[[ Source material open ]]

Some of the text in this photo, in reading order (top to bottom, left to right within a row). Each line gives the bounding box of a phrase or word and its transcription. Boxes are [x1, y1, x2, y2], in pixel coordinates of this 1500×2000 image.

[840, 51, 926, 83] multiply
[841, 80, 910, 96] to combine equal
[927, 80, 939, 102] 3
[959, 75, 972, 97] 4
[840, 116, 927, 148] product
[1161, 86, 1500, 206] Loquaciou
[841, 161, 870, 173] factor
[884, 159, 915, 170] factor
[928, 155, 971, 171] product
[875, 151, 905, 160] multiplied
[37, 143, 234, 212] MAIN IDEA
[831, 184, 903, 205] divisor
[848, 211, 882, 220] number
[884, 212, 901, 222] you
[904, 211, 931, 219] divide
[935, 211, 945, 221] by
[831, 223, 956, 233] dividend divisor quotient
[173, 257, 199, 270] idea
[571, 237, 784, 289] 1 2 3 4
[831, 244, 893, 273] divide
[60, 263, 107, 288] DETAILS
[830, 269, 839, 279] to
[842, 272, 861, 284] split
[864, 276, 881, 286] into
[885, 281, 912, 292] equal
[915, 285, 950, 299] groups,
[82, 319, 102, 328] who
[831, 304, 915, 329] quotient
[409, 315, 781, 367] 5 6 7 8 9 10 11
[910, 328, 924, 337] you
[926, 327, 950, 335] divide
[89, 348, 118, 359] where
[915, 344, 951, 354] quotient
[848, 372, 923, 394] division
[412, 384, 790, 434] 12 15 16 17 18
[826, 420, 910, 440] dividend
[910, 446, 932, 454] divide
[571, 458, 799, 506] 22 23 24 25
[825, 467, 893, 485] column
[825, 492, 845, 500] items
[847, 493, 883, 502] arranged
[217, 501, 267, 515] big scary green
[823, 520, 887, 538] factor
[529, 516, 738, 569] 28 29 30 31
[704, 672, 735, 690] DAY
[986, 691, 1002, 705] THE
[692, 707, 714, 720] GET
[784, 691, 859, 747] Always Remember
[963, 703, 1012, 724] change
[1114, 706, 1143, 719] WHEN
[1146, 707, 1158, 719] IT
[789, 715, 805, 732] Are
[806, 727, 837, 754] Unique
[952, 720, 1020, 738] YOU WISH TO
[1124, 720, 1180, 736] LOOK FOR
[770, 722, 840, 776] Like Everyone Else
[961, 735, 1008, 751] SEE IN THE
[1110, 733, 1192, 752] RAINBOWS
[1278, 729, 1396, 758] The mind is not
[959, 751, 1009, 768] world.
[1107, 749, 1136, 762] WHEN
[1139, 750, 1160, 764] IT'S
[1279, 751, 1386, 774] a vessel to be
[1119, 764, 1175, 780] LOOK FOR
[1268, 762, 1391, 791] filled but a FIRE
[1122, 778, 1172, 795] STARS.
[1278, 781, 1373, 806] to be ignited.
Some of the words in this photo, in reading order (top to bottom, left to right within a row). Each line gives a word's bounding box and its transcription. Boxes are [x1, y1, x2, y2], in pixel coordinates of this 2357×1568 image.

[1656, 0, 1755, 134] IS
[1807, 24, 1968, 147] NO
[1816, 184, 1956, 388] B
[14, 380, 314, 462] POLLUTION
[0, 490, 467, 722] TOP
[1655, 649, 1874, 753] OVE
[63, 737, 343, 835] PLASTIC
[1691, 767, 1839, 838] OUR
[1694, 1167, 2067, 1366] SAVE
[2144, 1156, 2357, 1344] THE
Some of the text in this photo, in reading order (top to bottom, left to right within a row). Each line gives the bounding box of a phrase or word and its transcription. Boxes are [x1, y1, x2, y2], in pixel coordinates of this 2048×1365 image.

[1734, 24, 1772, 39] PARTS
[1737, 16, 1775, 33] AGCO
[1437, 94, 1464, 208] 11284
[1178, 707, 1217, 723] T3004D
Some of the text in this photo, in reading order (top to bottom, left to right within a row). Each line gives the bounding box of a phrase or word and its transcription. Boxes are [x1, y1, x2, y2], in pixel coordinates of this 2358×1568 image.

[[ Source material closed ]]

-- What is required --
Copy the data once more. Leave nothing out.

-- Answer to this task --
Some of the text in this photo, in reading order (top to bottom, left to right within a row). Each line gives the bounding box of a phrase or word and its transcription. Boxes are [x1, y1, x2, y2], in pixel coordinates of this 1500×2000 image.

[840, 51, 926, 83] multiply
[841, 80, 910, 96] to combine equal
[927, 80, 939, 102] 3
[959, 75, 972, 97] 4
[840, 116, 927, 148] product
[1161, 86, 1500, 206] Loquaciou
[841, 161, 870, 173] factor
[884, 159, 915, 170] factor
[928, 155, 971, 171] product
[875, 151, 905, 160] multiplied
[37, 143, 234, 212] MAIN IDEA
[831, 184, 903, 205] divisor
[848, 211, 882, 220] number
[884, 212, 901, 222] you
[904, 211, 931, 219] divide
[935, 211, 945, 221] by
[831, 223, 956, 233] dividend divisor quotient
[173, 257, 199, 270] idea
[571, 237, 784, 289] 1 2 3 4
[831, 244, 893, 273] divide
[60, 263, 107, 288] DETAILS
[830, 269, 839, 279] to
[842, 272, 861, 284] split
[864, 276, 881, 286] into
[885, 281, 912, 292] equal
[915, 285, 950, 299] groups,
[82, 319, 102, 328] who
[831, 304, 915, 329] quotient
[409, 315, 781, 367] 5 6 7 8 9 10 11
[910, 328, 924, 337] you
[926, 327, 950, 335] divide
[89, 348, 118, 359] where
[915, 344, 951, 354] quotient
[848, 372, 923, 394] division
[412, 384, 790, 434] 12 15 16 17 18
[826, 420, 910, 440] dividend
[910, 446, 932, 454] divide
[571, 458, 799, 506] 22 23 24 25
[825, 467, 893, 485] column
[825, 492, 845, 500] items
[847, 493, 883, 502] arranged
[217, 501, 267, 515] big scary green
[823, 520, 887, 538] factor
[529, 516, 738, 569] 28 29 30 31
[704, 672, 735, 690] DAY
[986, 691, 1002, 705] THE
[692, 707, 714, 720] GET
[784, 691, 859, 747] Always Remember
[963, 703, 1012, 724] change
[1114, 706, 1143, 719] WHEN
[1146, 707, 1158, 719] IT
[789, 715, 805, 732] Are
[806, 727, 837, 754] Unique
[952, 720, 1020, 738] YOU WISH TO
[1124, 720, 1180, 736] LOOK FOR
[770, 722, 840, 776] Like Everyone Else
[961, 735, 1008, 751] SEE IN THE
[1110, 733, 1192, 752] RAINBOWS
[1278, 729, 1396, 758] The mind is not
[959, 751, 1009, 768] world.
[1107, 749, 1136, 762] WHEN
[1139, 750, 1160, 764] IT'S
[1279, 751, 1386, 774] a vessel to be
[1119, 764, 1175, 780] LOOK FOR
[1268, 762, 1391, 791] filled but a FIRE
[1122, 778, 1172, 795] STARS.
[1278, 781, 1373, 806] to be ignited.
Some of the words in this photo, in reading order (top to bottom, left to right within a row). Each line gives a word's bounding box and its transcription. Boxes are [x1, y1, x2, y2], in pixel coordinates of this 2357×1568 image.

[1656, 0, 1755, 134] IS
[1807, 24, 1968, 147] NO
[1816, 184, 1956, 388] B
[14, 380, 314, 462] POLLUTION
[0, 490, 467, 722] TOP
[1655, 649, 1874, 753] OVE
[63, 737, 343, 835] PLASTIC
[1691, 767, 1839, 838] OUR
[1694, 1167, 2067, 1366] SAVE
[2144, 1156, 2357, 1344] THE
Some of the text in this photo, in reading order (top to bottom, left to right within a row). Each line gives the bounding box of a phrase or word and its transcription. Boxes are [x1, y1, x2, y2], in pixel coordinates of this 2048×1365 image.

[1734, 24, 1772, 39] PARTS
[1737, 16, 1775, 33] AGCO
[1437, 94, 1464, 208] 11284
[1178, 707, 1217, 723] T3004D
Some of the text in this photo, in reading order (top to bottom, left to right within a row). Each line gives the bounding box of a phrase or word and its transcription. Boxes are [x1, y1, x2, y2], in pixel coordinates of this 2358×1568 image.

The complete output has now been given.